■ Work order
Retype every record below exactly as it appears.

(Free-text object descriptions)
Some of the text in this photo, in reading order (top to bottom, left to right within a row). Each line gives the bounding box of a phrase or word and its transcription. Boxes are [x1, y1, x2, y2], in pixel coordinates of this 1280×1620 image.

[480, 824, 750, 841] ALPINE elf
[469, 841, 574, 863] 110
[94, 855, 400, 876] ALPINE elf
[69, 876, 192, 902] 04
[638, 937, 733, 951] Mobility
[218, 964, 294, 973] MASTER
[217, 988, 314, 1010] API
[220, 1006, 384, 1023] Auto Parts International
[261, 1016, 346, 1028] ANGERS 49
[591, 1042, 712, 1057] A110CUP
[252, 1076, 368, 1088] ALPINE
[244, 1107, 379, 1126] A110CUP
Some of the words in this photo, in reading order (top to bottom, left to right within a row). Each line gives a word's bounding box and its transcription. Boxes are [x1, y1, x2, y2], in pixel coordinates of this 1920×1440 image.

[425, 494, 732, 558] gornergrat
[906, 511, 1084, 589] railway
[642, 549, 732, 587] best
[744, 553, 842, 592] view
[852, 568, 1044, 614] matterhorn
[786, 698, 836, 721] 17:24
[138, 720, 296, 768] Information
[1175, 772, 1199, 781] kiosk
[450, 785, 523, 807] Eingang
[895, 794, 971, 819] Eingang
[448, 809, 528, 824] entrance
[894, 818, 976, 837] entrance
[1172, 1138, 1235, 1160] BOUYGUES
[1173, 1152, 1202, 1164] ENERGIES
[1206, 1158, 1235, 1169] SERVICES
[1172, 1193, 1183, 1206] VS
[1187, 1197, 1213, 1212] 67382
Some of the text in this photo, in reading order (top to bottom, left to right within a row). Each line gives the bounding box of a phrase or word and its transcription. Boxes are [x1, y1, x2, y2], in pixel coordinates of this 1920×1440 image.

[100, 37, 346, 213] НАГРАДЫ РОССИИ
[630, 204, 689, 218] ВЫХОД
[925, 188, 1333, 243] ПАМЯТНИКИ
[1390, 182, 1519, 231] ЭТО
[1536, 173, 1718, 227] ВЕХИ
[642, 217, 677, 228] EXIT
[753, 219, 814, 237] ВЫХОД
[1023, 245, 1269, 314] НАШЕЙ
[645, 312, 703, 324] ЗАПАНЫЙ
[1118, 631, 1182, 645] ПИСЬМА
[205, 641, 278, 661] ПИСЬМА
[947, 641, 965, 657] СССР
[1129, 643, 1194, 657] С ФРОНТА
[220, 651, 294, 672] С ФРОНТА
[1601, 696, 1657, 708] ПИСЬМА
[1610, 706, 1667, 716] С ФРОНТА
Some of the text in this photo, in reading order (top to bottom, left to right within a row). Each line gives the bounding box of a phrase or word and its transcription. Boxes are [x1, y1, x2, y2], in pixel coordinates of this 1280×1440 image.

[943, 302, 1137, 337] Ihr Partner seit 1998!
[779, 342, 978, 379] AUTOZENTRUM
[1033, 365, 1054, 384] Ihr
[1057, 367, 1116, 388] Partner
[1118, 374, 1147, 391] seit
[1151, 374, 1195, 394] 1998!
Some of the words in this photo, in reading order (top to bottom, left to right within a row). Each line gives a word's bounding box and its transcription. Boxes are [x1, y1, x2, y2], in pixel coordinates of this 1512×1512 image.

■ Reply to the task
Some of the text in this photo, in reading order (top to bottom, left to right within a row). Each line gives the bounding box of a phrase or word and its transcription. Boxes are [x1, y1, x2, y2], in pixel coordinates of this 1280×1620 image.

[480, 824, 750, 841] ALPINE elf
[469, 841, 574, 863] 110
[94, 855, 400, 876] ALPINE elf
[69, 876, 192, 902] 04
[638, 937, 733, 951] Mobility
[218, 964, 294, 973] MASTER
[217, 988, 314, 1010] API
[220, 1006, 384, 1023] Auto Parts International
[261, 1016, 346, 1028] ANGERS 49
[591, 1042, 712, 1057] A110CUP
[252, 1076, 368, 1088] ALPINE
[244, 1107, 379, 1126] A110CUP
Some of the words in this photo, in reading order (top to bottom, left to right within a row). Each line gives a word's bounding box and its transcription. Boxes are [x1, y1, x2, y2], in pixel coordinates of this 1920×1440 image.

[425, 494, 732, 558] gornergrat
[906, 511, 1084, 589] railway
[642, 549, 732, 587] best
[744, 553, 842, 592] view
[852, 568, 1044, 614] matterhorn
[786, 698, 836, 721] 17:24
[138, 720, 296, 768] Information
[1175, 772, 1199, 781] kiosk
[450, 785, 523, 807] Eingang
[895, 794, 971, 819] Eingang
[448, 809, 528, 824] entrance
[894, 818, 976, 837] entrance
[1172, 1138, 1235, 1160] BOUYGUES
[1173, 1152, 1202, 1164] ENERGIES
[1206, 1158, 1235, 1169] SERVICES
[1172, 1193, 1183, 1206] VS
[1187, 1197, 1213, 1212] 67382
Some of the text in this photo, in reading order (top to bottom, left to right within a row). Each line gives the bounding box of a phrase or word and its transcription. Boxes are [x1, y1, x2, y2], in pixel coordinates of this 1920×1440 image.

[100, 37, 346, 213] НАГРАДЫ РОССИИ
[630, 204, 689, 218] ВЫХОД
[925, 188, 1333, 243] ПАМЯТНИКИ
[1390, 182, 1519, 231] ЭТО
[1536, 173, 1718, 227] ВЕХИ
[642, 217, 677, 228] EXIT
[753, 219, 814, 237] ВЫХОД
[1023, 245, 1269, 314] НАШЕЙ
[645, 312, 703, 324] ЗАПАНЫЙ
[1118, 631, 1182, 645] ПИСЬМА
[205, 641, 278, 661] ПИСЬМА
[947, 641, 965, 657] СССР
[1129, 643, 1194, 657] С ФРОНТА
[220, 651, 294, 672] С ФРОНТА
[1601, 696, 1657, 708] ПИСЬМА
[1610, 706, 1667, 716] С ФРОНТА
Some of the text in this photo, in reading order (top to bottom, left to right within a row). Each line gives the bounding box of a phrase or word and its transcription. Boxes are [x1, y1, x2, y2], in pixel coordinates of this 1280×1440 image.

[943, 302, 1137, 337] Ihr Partner seit 1998!
[779, 342, 978, 379] AUTOZENTRUM
[1033, 365, 1054, 384] Ihr
[1057, 367, 1116, 388] Partner
[1118, 374, 1147, 391] seit
[1151, 374, 1195, 394] 1998!
Some of the words in this photo, in reading order (top to bottom, left to right within a row). Each line gives a word's bounding box and its transcription. Boxes are [x1, y1, x2, y2], in pixel coordinates of this 1512×1512 image.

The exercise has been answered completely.